▶ **HOW TO COMPLETE THIS TASK**
Reproduce the following records exactly from the line containing "Some of the words" onward, ending with the last line and including it.

-- EXERCISE DATA follows --

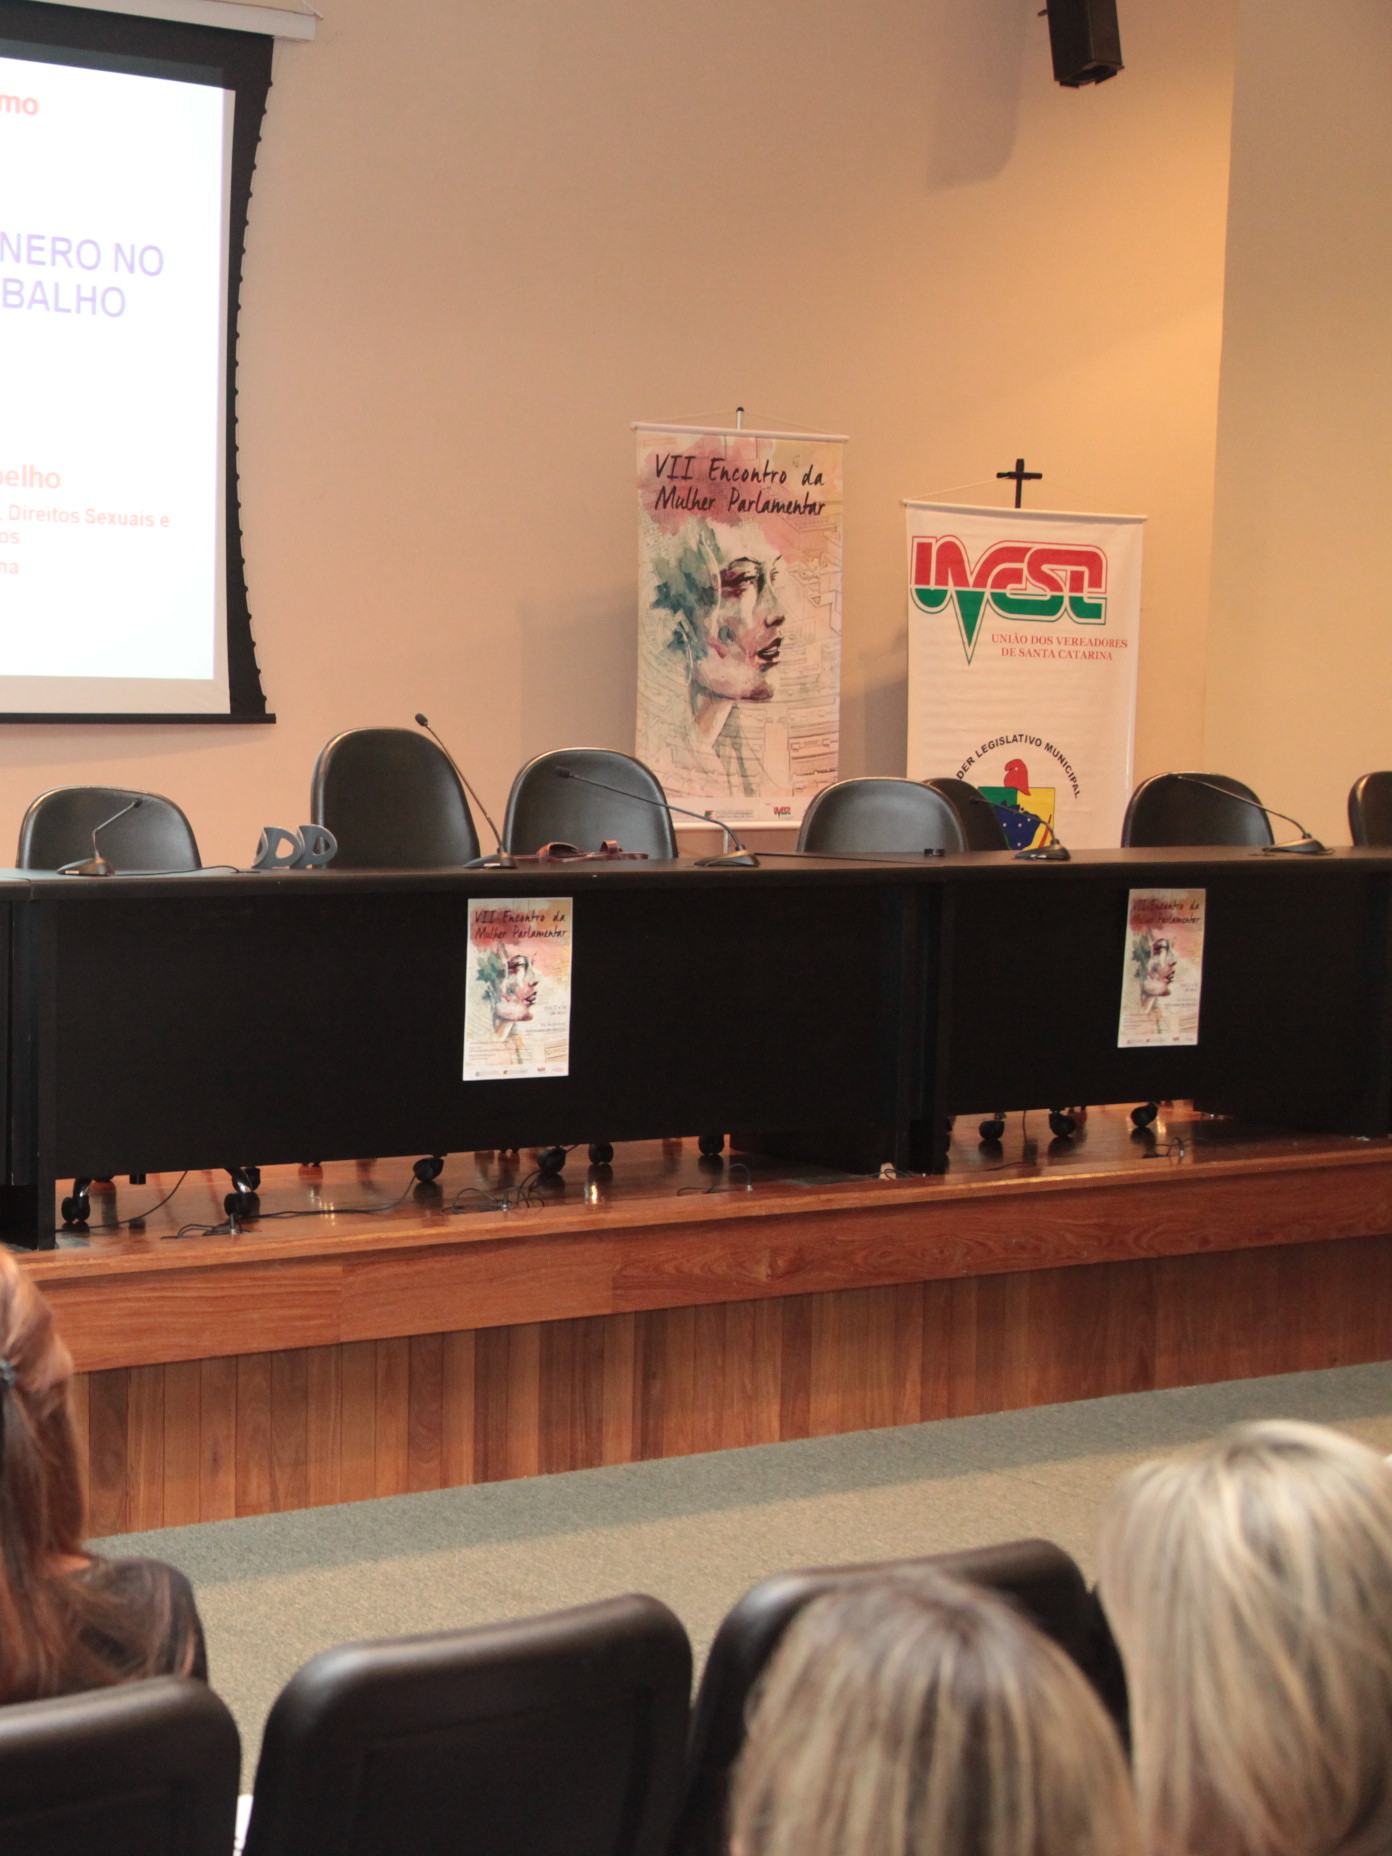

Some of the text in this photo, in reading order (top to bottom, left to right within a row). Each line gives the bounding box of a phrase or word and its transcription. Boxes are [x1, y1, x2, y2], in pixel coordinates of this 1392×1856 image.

[114, 242, 165, 277] NO
[655, 452, 825, 486] VII Encontro da
[654, 486, 826, 516] Mulher Parlamentar
[8, 504, 80, 525] Direitos
[85, 508, 155, 529] Sexuais
[159, 514, 171, 528] e
[991, 632, 1128, 649] UNIÃO DOS VEREADORES
[1001, 648, 1113, 662] DE SANTA CATARINA
[955, 733, 1082, 799] DER LEGISLATIVO MUNICIPAL
[503, 909, 546, 923] Encontro
[553, 910, 565, 922] da
[512, 925, 567, 939] Parlamentar
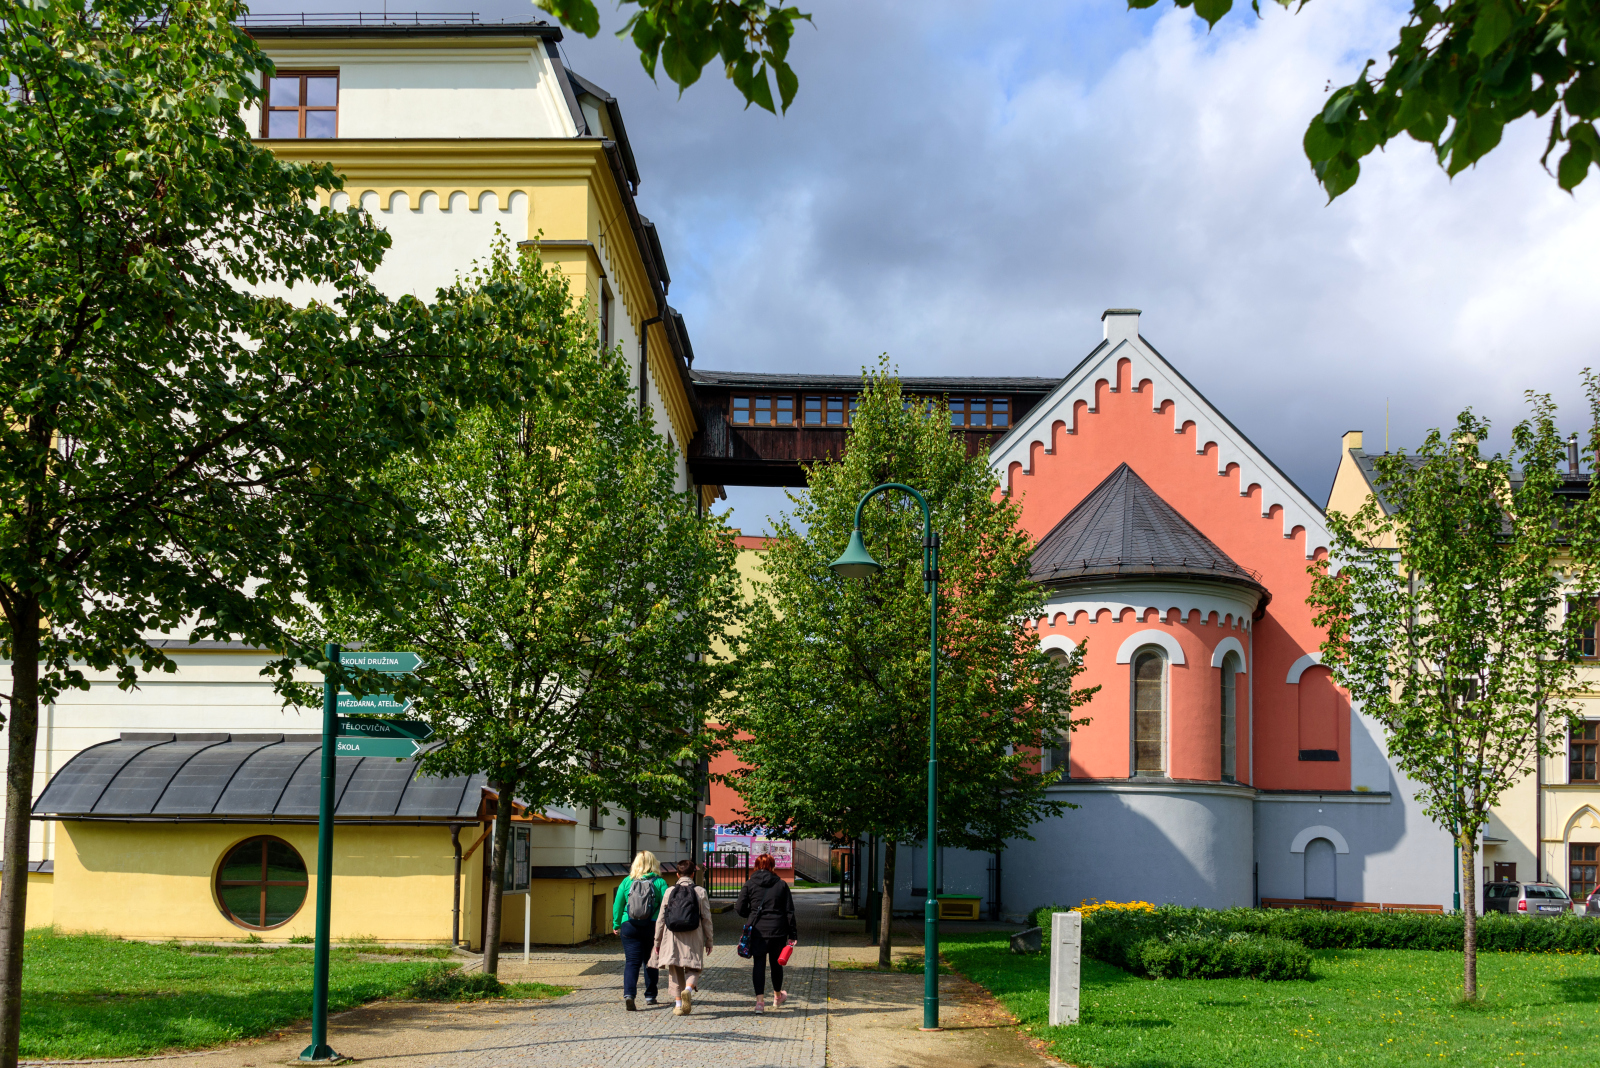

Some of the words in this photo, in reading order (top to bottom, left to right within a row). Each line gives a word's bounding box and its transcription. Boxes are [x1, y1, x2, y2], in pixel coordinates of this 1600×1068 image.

[341, 656, 366, 665] ŠKOLNÍ
[367, 656, 399, 665] DRUŽINA
[341, 721, 391, 732] TĚLOCVIČNA
[337, 741, 360, 751] ŠKOLA

-- EXERCISE DATA concluded --

▶ **RESPONSE TO THE TASK**
Some of the words in this photo, in reading order (top to bottom, left to right within a row). Each line gives a word's bounding box and its transcription. Boxes are [x1, y1, x2, y2], in pixel coordinates of this 1600×1068 image.

[341, 656, 366, 665] ŠKOLNÍ
[367, 656, 399, 665] DRUŽINA
[341, 721, 391, 732] TĚLOCVIČNA
[337, 741, 360, 751] ŠKOLA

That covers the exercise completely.